In September 2016, Saudi Arabia and OPEC, along with Russia and several other non-OPEC countries, agreed to cooperate in reducing global crude supply, with the intent of stabilizing the global crude price. This informal alliance of OPEC and non-OPEC producers was dubbed "OPEC+,” and would be formalized at the “Joint OPEC-Non-OPEC Producing Countries’ Ministerial Meeting” in December of 2016, via an instrument called the Declaration of Cooperation.20
One month prior to the formal creation of OPEC+, OPEC member countries met on November 30, 2016, for the 171st OPEC Ministerial Conference and agreed to a production adjustment of 1.2 million barrels a day, effective January 1, 2017. Simultaneous with the OPEC agreement was the agreement of eleven non-OPEC members to reduce production by 558,000 barrels per day, effective as of January 1, 2017. 21 Non-OPEC member reductions would also be for six months, extendable for an additional six-month timeframe. This initial 1.8 million barrels per day reduction (1.2 million barrels by OPEC and 600,000 by OPEC+ members) was the first agreement reached by OPEC+, but was followed by numerous additional agreements to control production levels with a view to stabilizing prices.
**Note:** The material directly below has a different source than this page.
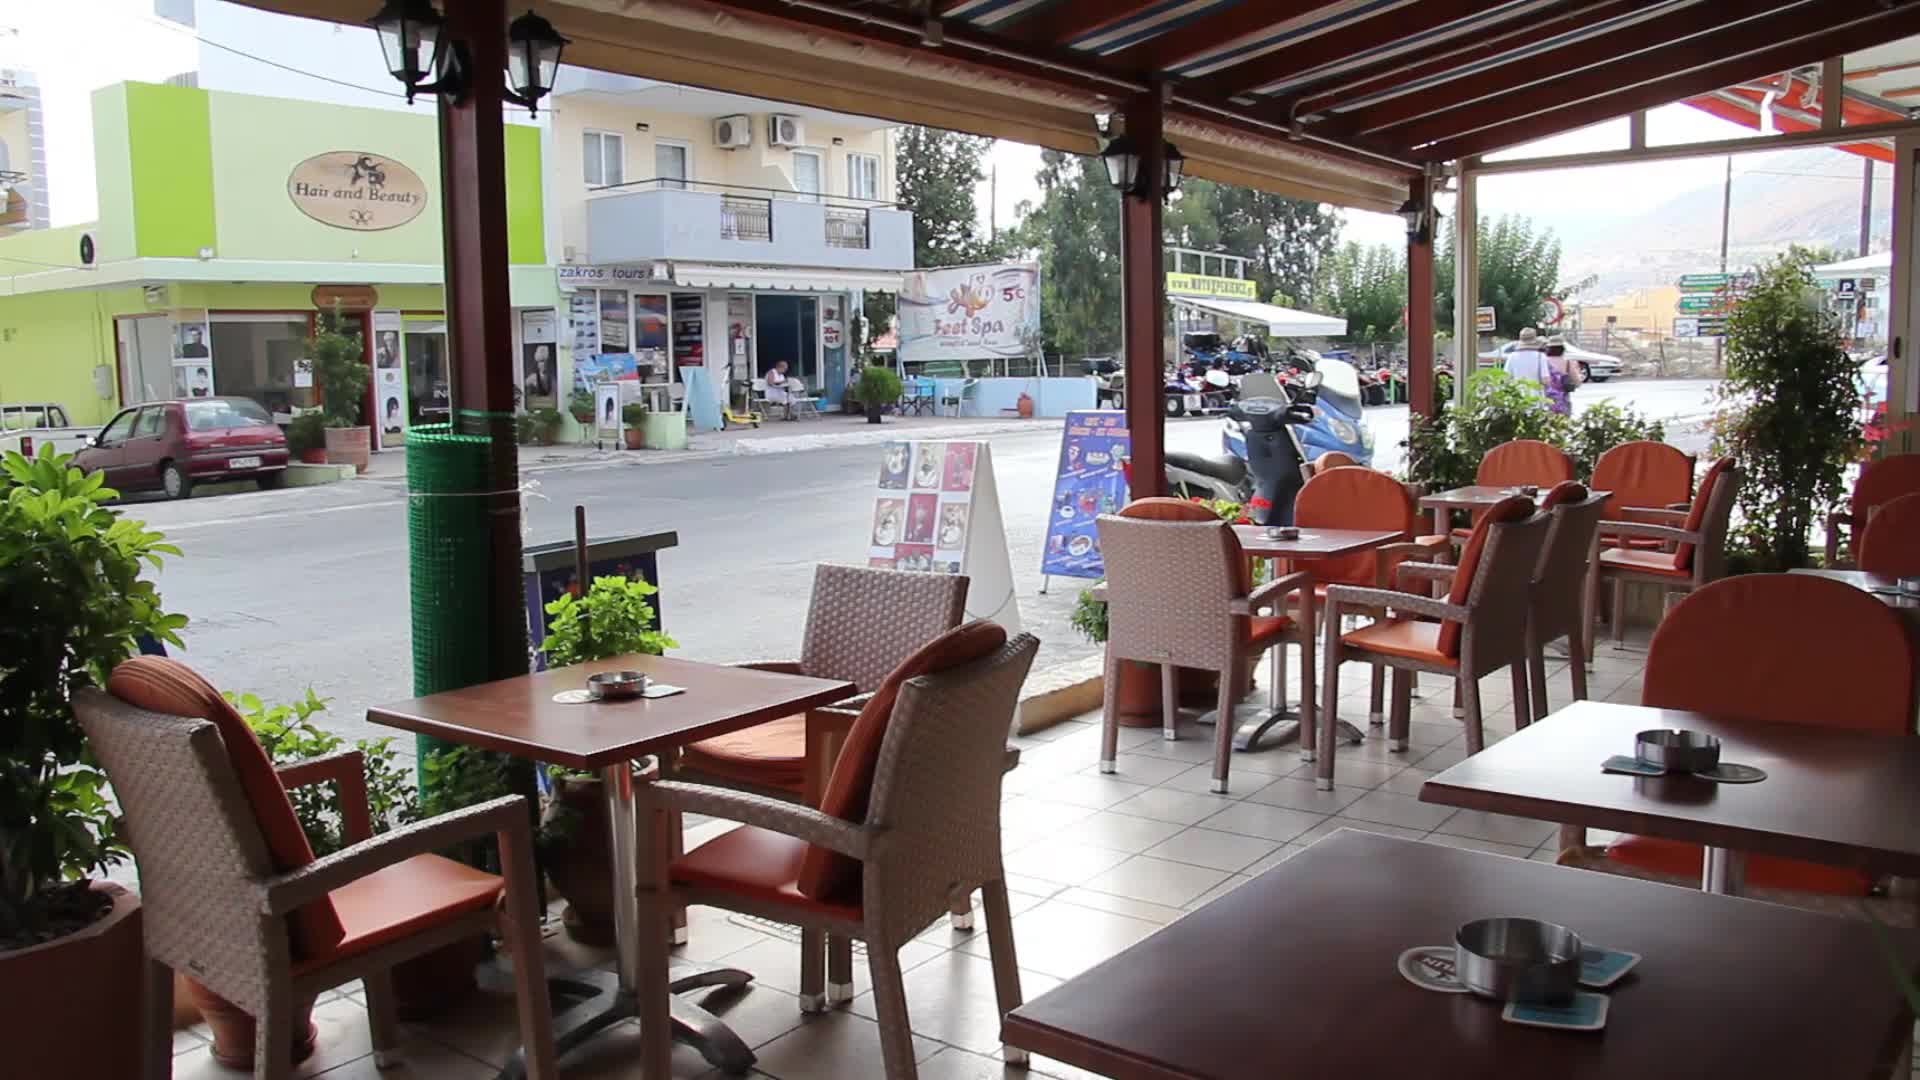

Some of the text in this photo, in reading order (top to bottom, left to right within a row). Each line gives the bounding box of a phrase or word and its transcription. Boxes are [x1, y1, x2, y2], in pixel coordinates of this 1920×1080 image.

Below is a summary of subsequent OPEC+ meetings and the production level adjustments reached by the group since inception:
● Second OPEC+ meeting held May of 2017, where agreement was reached to continue volume reductions for an additional nine months, starting July of 2017 to March of 2018.
● Third OPEC+ meeting in November of 2017, with agreement that the volume adjustments agreed to in May would extend through the entire year of 2018. ● Fifth OPEC+ meeting in December of 2018, the group agreed to revise the initial 1.8 million barrels per day adjustment to 1.2 million barrels per day, starting
January 2019, for a period of six months.
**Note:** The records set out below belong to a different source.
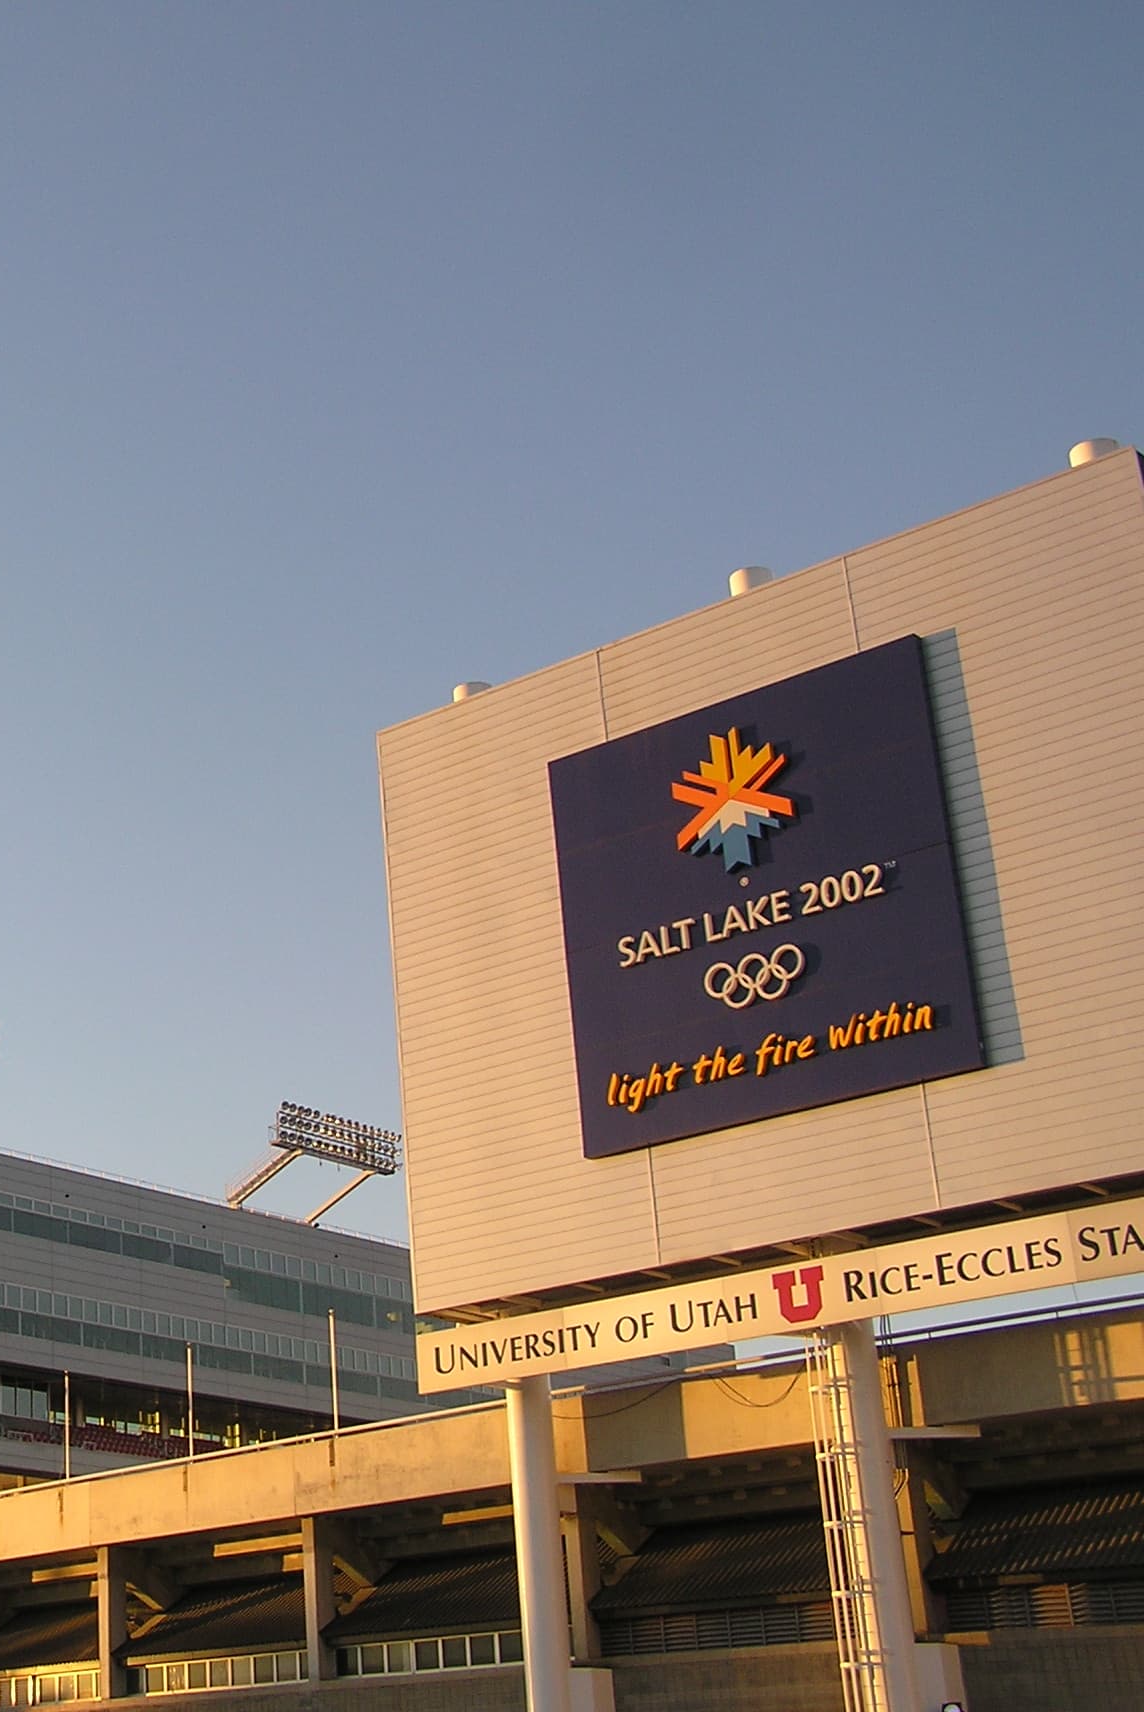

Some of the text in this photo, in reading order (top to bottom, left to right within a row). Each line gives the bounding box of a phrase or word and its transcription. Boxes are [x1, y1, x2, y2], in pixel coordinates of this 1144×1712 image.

[617, 917, 696, 968] SALT
[703, 890, 793, 943] LAKE
[800, 864, 886, 915] 2002
[607, 1061, 683, 1113] light
[691, 1045, 745, 1085] the
[755, 1032, 816, 1077] fire
[771, 1264, 825, 1325] U
[842, 1223, 1144, 1303] RICE-ECCLES STA
[433, 1292, 759, 1376] UNIVERSITY OF UTAH
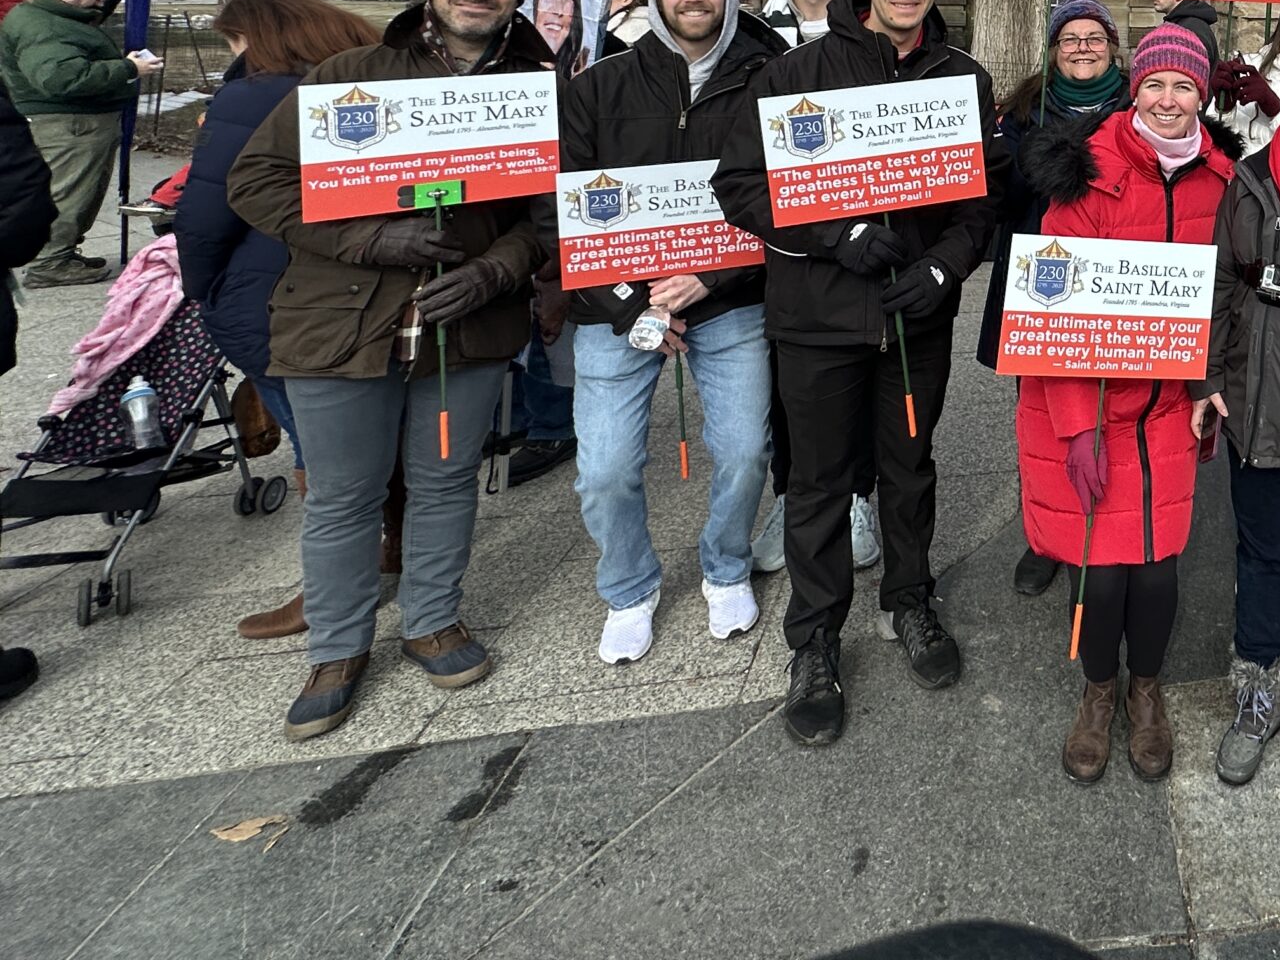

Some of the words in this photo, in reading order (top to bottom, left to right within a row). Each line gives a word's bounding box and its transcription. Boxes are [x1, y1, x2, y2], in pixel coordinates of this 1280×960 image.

[408, 96, 436, 108] THE
[441, 90, 529, 106] BASILICA
[534, 90, 550, 98] OF
[340, 111, 375, 126] 230
[410, 110, 477, 128] SAINT
[484, 104, 547, 121] MARY
[849, 110, 872, 121] THE
[877, 100, 950, 118] BASILICA
[955, 99, 968, 108] OF
[794, 120, 822, 136] 230
[852, 122, 907, 140] SAINT
[913, 114, 967, 132] MARY
[369, 158, 422, 172] formed
[425, 157, 447, 167] my
[450, 151, 496, 163] inmost
[499, 148, 539, 159] being;
[646, 184, 670, 194] THE
[776, 193, 816, 209] treat
[821, 188, 865, 203] every
[870, 180, 922, 195] human
[590, 193, 619, 208] 230
[648, 195, 703, 211] SAINT
[1038, 265, 1065, 280] 230
[1092, 262, 1114, 274] THE
[1118, 259, 1188, 278] BASILICA
[1192, 270, 1205, 279] OF
[1091, 276, 1144, 295] SAINT
[1149, 279, 1201, 298] MARY
[1049, 316, 1112, 330] ultimate
[1117, 319, 1145, 331] test
[1149, 319, 1166, 332] of
[1169, 323, 1202, 335] your
[1065, 360, 1091, 370] Saint
[1093, 360, 1119, 370] John
[1121, 361, 1143, 371] Paul
[1145, 362, 1153, 371] II
OPEC countries would reduce production by 800,000 barrels per day, while OPEC+ members would reduce production by 400,000 barrels per day. ● Sixth OPEC+ meeting was held in July of 2019, and the December 2018 volume reductions were extended from July 2019 to March 31, 2020. ● Seventh OPEC+ meeting held in
December of 2019, where production cuts were increased to 1.7 million barrels per day by the group, while several additional countries, including Saudi Arabia, agreed to additional voluntary cuts in production, bringing the total reduction to 2.1 million barrels per day.
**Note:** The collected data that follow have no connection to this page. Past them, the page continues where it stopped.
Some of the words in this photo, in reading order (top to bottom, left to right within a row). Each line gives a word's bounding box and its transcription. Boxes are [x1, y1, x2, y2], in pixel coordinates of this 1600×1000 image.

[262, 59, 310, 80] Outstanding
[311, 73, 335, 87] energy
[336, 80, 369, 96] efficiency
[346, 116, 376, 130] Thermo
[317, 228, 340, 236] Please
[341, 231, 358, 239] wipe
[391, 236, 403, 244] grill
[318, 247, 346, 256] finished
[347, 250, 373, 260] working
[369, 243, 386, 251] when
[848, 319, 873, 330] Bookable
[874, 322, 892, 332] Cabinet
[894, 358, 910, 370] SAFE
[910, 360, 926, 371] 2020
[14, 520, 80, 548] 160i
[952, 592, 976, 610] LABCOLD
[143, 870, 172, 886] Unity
The price war emerged during the 178th (Extraordinary) Meeting of the Conference, which occurred on March 5, 2020. At the summit, in addition to extending the 1.7 million barrels per day cuts agreed to at the seventh OPEC+ meeting for the remainder of the year, OPEC members agreed on an additional production cut of 1.5 million barrels per day through the first half of 2020 (OPEC cuts of 1.0 million barrels per day; non-OPEC cuts of 500,000 barrels per day), subject to further consideration and discussion at the next OPEC+ meeting. 22 This additional increase brought the total proposed volume reduction to 3.6 million barrels per day, as compared to 2016. Russia refused to agree to these volume reductions on the basis that it was too soon to determine whether additional production cuts would serve as an adequate remedy to the falling commodity price. 23 Russia’s unwillingness to agree to the additional production cuts rattled the commodity markets and resulted in prices falling even further than they had in the prior weeks due to declining demand. On March 6, 2020, the closing price for WTI was $41.14, and by the following Monday, WTI had fallen dramatically, closing at $31.05.24 As a response to Russia’s refusal to implement production cuts, Saudi Arabia announced on March 9, 2020,,their decision to discount Saudi crude exports by between six and eight dollars to various regions of Asia, which caused a further decline in the crude price.25 The following day, Saudi Arabia announced its intention to increase crude production from just under ten million barrels of oil per day to over twelve million barrels per day.26 Russia also announced its plan to increase production by approximately 300,000 barrels per day. 27 These actions collectively caused panic in the markets, exacerbating the price decline already caused by COVID-19.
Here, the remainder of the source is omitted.